The windows gave a view of Central Park.

“Tom and I talked about his situation.

He said that he was sorry you had suffered.

He had almost decided to come home.

As I walked out, he stopped me for a moment.

He made me promise I would visit you.”

VI. SONGS

THE COUNTRY WIFE

She makes her way through the dark trees

Down to the lake to be alone.

Following their voices on the breeze,

She makes her way. Through the dark trees

The distant stars are all she sees.

They cannot light the way she’s gone.

She makes her way through the dark trees

Down to the lake to be alone.

The night reflected on the lake,

The fire of stars changed into water.

She cannot see the winds that break

The night reflected on the lake

But knows they motion for her sake.

These are the choices they have brought her:

The night reflected on the lake,

The fire of stars changed into water.

SONG FOR THE END OF TIME

The hanged man laughs by the garden wall,

And the hands of the clock have stopped at the hour.
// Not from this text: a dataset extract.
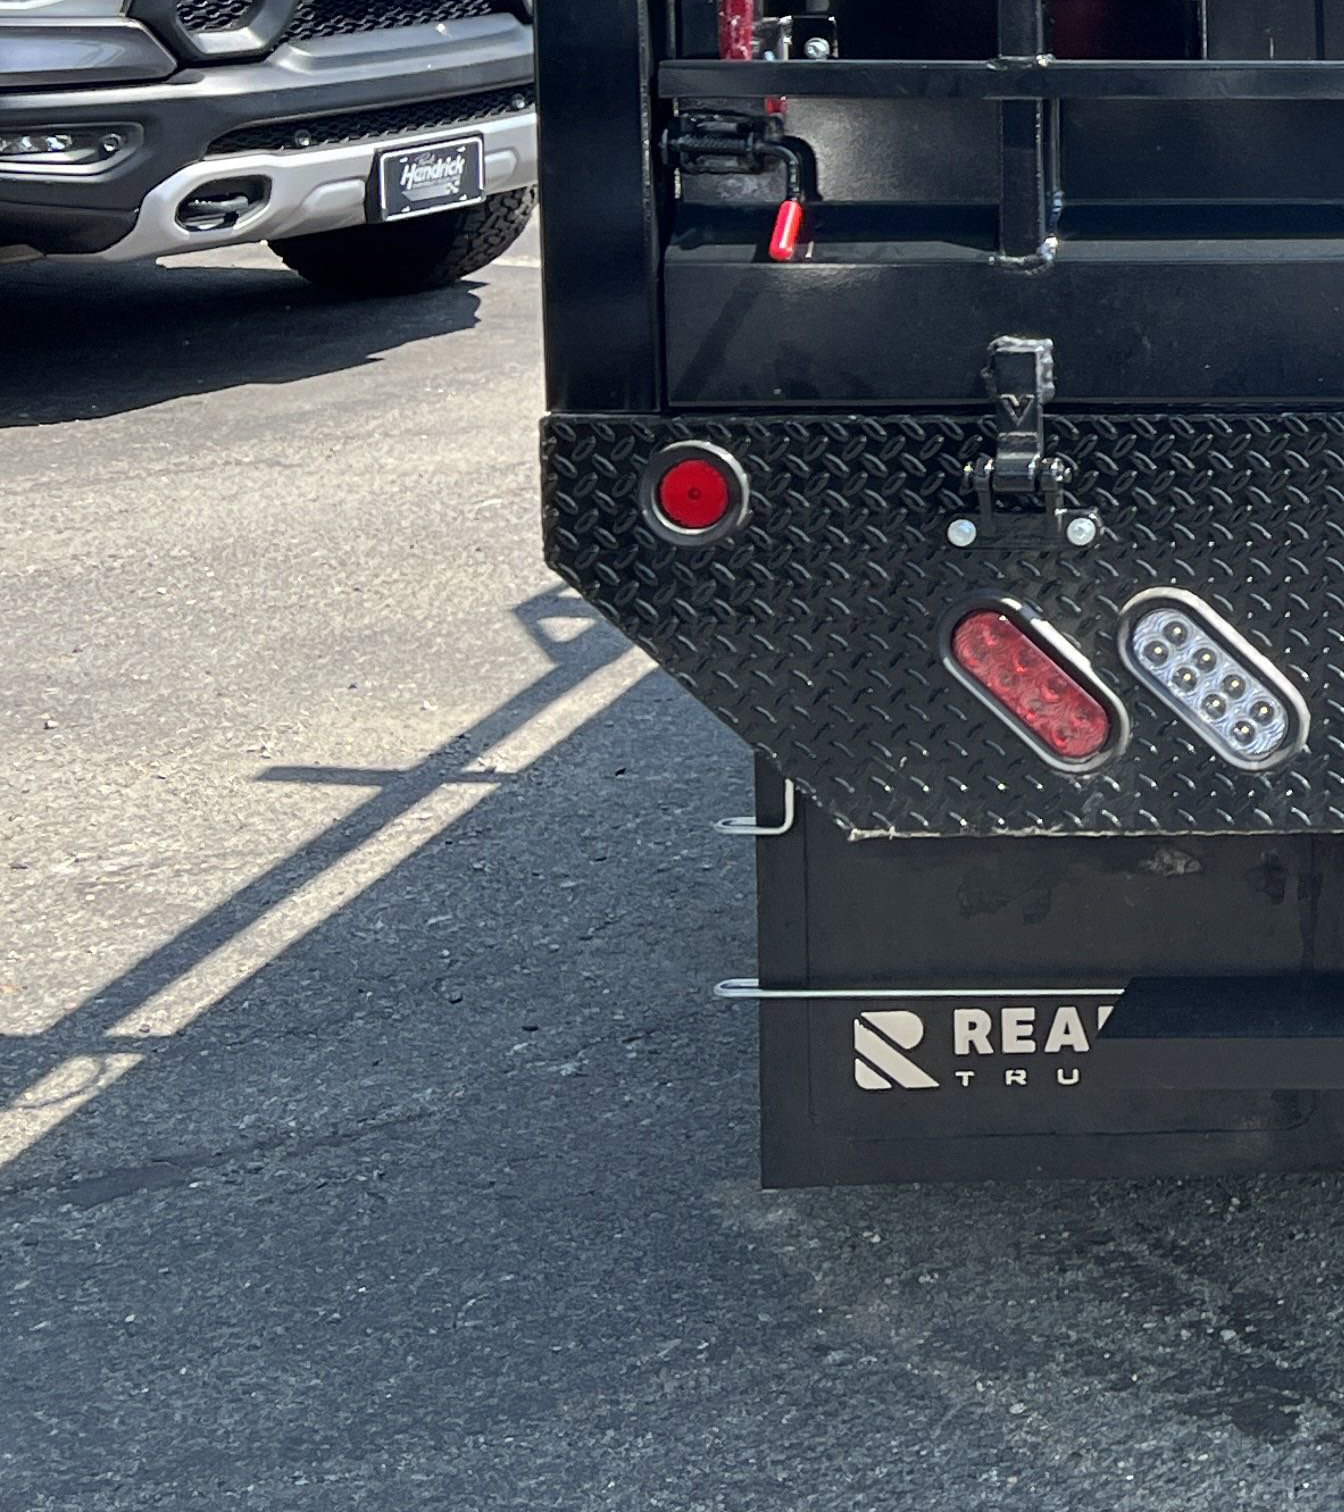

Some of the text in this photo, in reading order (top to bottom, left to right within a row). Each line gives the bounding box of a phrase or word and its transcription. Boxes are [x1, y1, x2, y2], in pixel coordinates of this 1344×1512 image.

The cathedral angels are starting to fall,

And the bells ring themselves in the gothic tower.

Lock up your money and go bolt the door,

And don’t dare look yourself in the eye.

Pray on your knees or cry on the floor

Or stare at the stars as they fall from the sky.
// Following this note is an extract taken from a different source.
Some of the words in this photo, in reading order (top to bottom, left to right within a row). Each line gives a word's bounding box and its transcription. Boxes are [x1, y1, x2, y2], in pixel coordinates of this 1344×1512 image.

You may say that you’re sorry for all that you’ve done,

You may swear on your honor and protest with tears,

But the moon is burning under the sun,

And nothing you do will stop what appears.

THE ARCHBISHOP

For a famous critic

O do not disturb the Archbishop,

Asleep in his ivory chair.

You must send all the workers away,

Though the church is in need of repair.

His Reverence is tired from preaching

To the halt, and the lame, and the blind.
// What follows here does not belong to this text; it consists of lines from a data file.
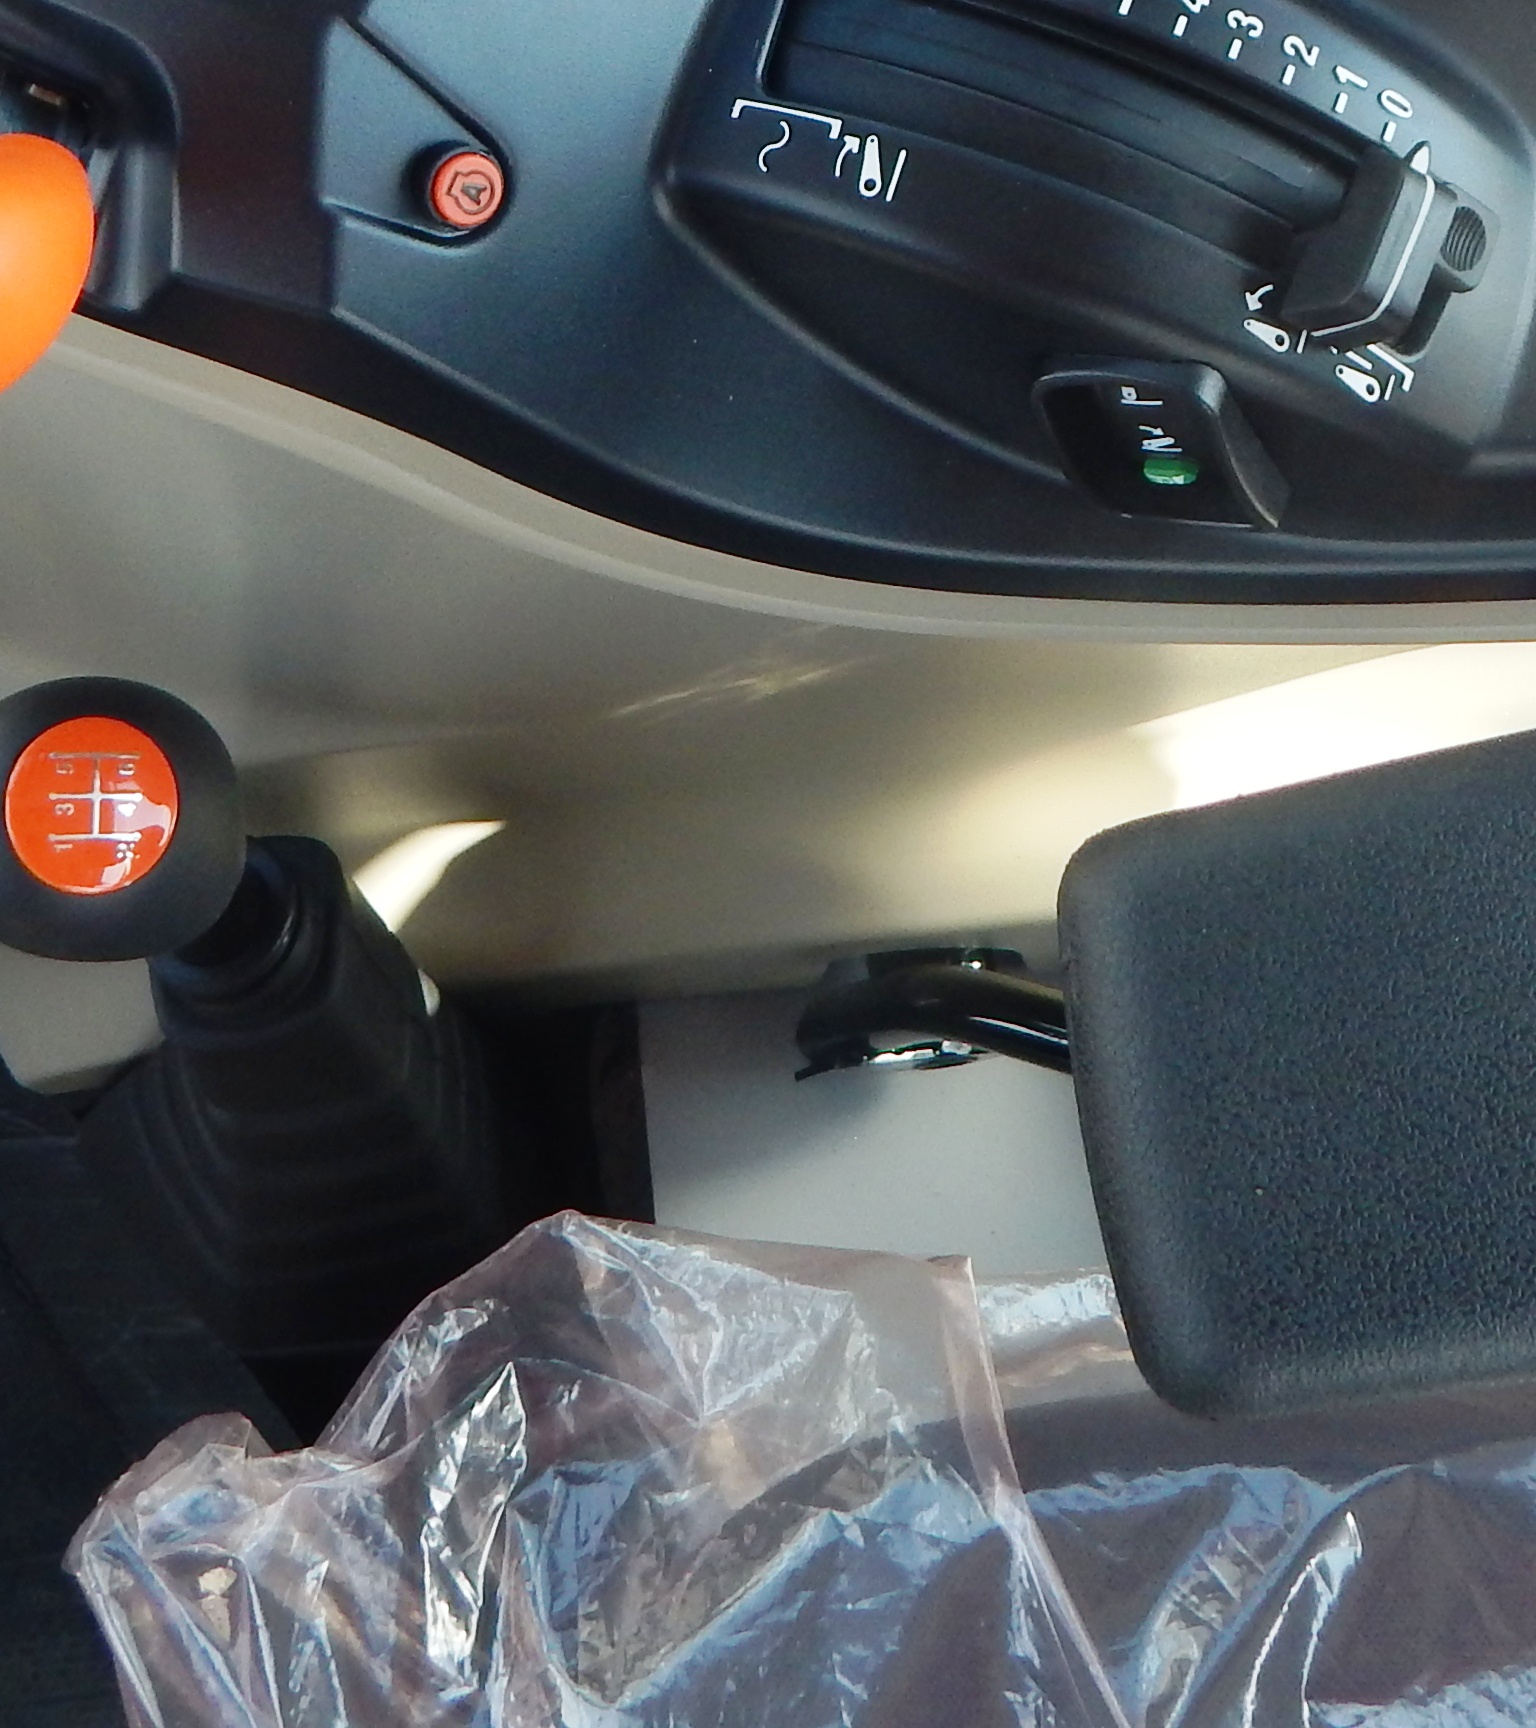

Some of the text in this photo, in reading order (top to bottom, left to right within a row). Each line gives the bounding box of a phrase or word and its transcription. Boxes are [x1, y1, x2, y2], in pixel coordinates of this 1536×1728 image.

[1227, 9, 1264, 39] 3
[1282, 34, 1320, 68] 2
[1334, 65, 1369, 89] 1
[1380, 89, 1413, 120] 0
[54, 803, 74, 816] 3
Their spiritual needs are unsubtle,

Their notions of God unrefined.

The Lord washed the feet of His servants.

“The first shall be last,” He advised.

The Archbishop’s edition of Matthew

Has that troublesome passage revised.

The Archbishop declines to wear glasses,

So his sense of the world grows dim.

He thinks that the crowds at Masses

Have gathered in honor of him.

In the crypt of the limestone cathedral

A friar recopies St. Mark,

A nun serves stew to a novice,

A choirboy sobs in the dark.

While high in the chancery office

His Reverence studies the glass,

Wondering which of his vestments

Would look best at Palm Sunday Mass.

The saints in their weather-stained niches

Weep as the Vespers are read,

And the beggars sleep on the church steps,

And the orphans retire unfed.

On Easter the Lord is arisen

While the Archbishop breakfasts in bed,

And the humble shall find resurrection,

And the dead shall lie down with the dead.

NOSFERATU’S SERENADE

I am the image that darkens your glass,

The shadow that falls wherever you pass.

I am the dream you cannot forget,

The face you remember without having met.